======== DATA LISTING

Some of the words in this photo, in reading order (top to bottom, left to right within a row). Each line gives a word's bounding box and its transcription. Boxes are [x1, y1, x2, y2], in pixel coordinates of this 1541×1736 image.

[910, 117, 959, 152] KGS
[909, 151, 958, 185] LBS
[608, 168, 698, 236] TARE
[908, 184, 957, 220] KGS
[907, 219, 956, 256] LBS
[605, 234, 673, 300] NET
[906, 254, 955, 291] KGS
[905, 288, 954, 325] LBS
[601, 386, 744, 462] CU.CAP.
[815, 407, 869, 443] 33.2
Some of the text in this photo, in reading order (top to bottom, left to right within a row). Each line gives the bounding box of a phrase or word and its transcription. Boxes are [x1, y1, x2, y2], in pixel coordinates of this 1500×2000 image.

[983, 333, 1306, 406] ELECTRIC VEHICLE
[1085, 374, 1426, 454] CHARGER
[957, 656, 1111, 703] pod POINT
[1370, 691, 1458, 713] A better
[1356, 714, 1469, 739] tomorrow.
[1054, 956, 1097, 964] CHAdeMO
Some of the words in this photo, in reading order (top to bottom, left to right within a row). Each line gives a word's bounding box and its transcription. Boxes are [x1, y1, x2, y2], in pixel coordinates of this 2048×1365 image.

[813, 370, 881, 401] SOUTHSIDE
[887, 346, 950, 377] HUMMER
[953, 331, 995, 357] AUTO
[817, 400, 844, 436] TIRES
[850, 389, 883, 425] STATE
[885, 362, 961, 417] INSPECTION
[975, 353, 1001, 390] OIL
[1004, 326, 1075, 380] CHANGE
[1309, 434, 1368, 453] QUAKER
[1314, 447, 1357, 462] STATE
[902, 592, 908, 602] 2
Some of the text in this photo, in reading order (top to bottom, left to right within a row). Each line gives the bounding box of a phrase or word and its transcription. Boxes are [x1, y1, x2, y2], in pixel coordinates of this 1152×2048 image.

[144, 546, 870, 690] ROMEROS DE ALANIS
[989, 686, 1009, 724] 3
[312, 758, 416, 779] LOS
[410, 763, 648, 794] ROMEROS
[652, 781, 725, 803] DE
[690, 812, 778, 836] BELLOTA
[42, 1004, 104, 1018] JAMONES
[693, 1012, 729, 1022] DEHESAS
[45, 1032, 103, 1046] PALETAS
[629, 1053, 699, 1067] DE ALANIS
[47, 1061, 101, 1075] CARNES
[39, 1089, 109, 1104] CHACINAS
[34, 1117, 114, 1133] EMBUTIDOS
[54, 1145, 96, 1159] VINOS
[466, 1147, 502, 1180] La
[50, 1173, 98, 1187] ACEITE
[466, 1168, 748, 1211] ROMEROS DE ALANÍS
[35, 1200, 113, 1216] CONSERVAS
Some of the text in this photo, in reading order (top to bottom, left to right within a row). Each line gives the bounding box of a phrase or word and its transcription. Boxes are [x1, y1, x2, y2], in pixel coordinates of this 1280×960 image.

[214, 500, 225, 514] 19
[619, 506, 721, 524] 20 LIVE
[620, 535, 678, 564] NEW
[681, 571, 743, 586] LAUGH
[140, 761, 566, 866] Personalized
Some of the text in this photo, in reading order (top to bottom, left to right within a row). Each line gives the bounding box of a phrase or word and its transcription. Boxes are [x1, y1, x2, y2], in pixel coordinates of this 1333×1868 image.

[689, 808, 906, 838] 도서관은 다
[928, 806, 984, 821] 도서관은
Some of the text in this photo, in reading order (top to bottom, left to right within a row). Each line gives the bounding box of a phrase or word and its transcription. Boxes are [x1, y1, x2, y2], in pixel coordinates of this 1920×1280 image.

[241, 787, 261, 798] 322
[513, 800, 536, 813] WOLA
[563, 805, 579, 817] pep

================

▶ [GOAL OF THE EXERCISE]: Word for word, reproduce every line of the data.

▶ [EXERCISE OUTPUT]:
Some of the words in this photo, in reading order (top to bottom, left to right within a row). Each line gives a word's bounding box and its transcription. Boxes are [x1, y1, x2, y2], in pixel coordinates of this 1541×1736 image.

[910, 117, 959, 152] KGS
[909, 151, 958, 185] LBS
[608, 168, 698, 236] TARE
[908, 184, 957, 220] KGS
[907, 219, 956, 256] LBS
[605, 234, 673, 300] NET
[906, 254, 955, 291] KGS
[905, 288, 954, 325] LBS
[601, 386, 744, 462] CU.CAP.
[815, 407, 869, 443] 33.2
Some of the text in this photo, in reading order (top to bottom, left to right within a row). Each line gives the bounding box of a phrase or word and its transcription. Boxes are [x1, y1, x2, y2], in pixel coordinates of this 1500×2000 image.

[983, 333, 1306, 406] ELECTRIC VEHICLE
[1085, 374, 1426, 454] CHARGER
[957, 656, 1111, 703] pod POINT
[1370, 691, 1458, 713] A better
[1356, 714, 1469, 739] tomorrow.
[1054, 956, 1097, 964] CHAdeMO
Some of the words in this photo, in reading order (top to bottom, left to right within a row). Each line gives a word's bounding box and its transcription. Boxes are [x1, y1, x2, y2], in pixel coordinates of this 2048×1365 image.

[813, 370, 881, 401] SOUTHSIDE
[887, 346, 950, 377] HUMMER
[953, 331, 995, 357] AUTO
[817, 400, 844, 436] TIRES
[850, 389, 883, 425] STATE
[885, 362, 961, 417] INSPECTION
[975, 353, 1001, 390] OIL
[1004, 326, 1075, 380] CHANGE
[1309, 434, 1368, 453] QUAKER
[1314, 447, 1357, 462] STATE
[902, 592, 908, 602] 2
Some of the text in this photo, in reading order (top to bottom, left to right within a row). Each line gives the bounding box of a phrase or word and its transcription. Boxes are [x1, y1, x2, y2], in pixel coordinates of this 1152×2048 image.

[144, 546, 870, 690] ROMEROS DE ALANIS
[989, 686, 1009, 724] 3
[312, 758, 416, 779] LOS
[410, 763, 648, 794] ROMEROS
[652, 781, 725, 803] DE
[690, 812, 778, 836] BELLOTA
[42, 1004, 104, 1018] JAMONES
[693, 1012, 729, 1022] DEHESAS
[45, 1032, 103, 1046] PALETAS
[629, 1053, 699, 1067] DE ALANIS
[47, 1061, 101, 1075] CARNES
[39, 1089, 109, 1104] CHACINAS
[34, 1117, 114, 1133] EMBUTIDOS
[54, 1145, 96, 1159] VINOS
[466, 1147, 502, 1180] La
[50, 1173, 98, 1187] ACEITE
[466, 1168, 748, 1211] ROMEROS DE ALANÍS
[35, 1200, 113, 1216] CONSERVAS
Some of the text in this photo, in reading order (top to bottom, left to right within a row). Each line gives the bounding box of a phrase or word and its transcription. Boxes are [x1, y1, x2, y2], in pixel coordinates of this 1280×960 image.

[214, 500, 225, 514] 19
[619, 506, 721, 524] 20 LIVE
[620, 535, 678, 564] NEW
[681, 571, 743, 586] LAUGH
[140, 761, 566, 866] Personalized
Some of the text in this photo, in reading order (top to bottom, left to right within a row). Each line gives the bounding box of a phrase or word and its transcription. Boxes are [x1, y1, x2, y2], in pixel coordinates of this 1333×1868 image.

[689, 808, 906, 838] 도서관은 다
[928, 806, 984, 821] 도서관은
Some of the text in this photo, in reading order (top to bottom, left to right within a row). Each line gives the bounding box of a phrase or word and its transcription. Boxes are [x1, y1, x2, y2], in pixel coordinates of this 1920×1280 image.

[241, 787, 261, 798] 322
[513, 800, 536, 813] WOLA
[563, 805, 579, 817] pep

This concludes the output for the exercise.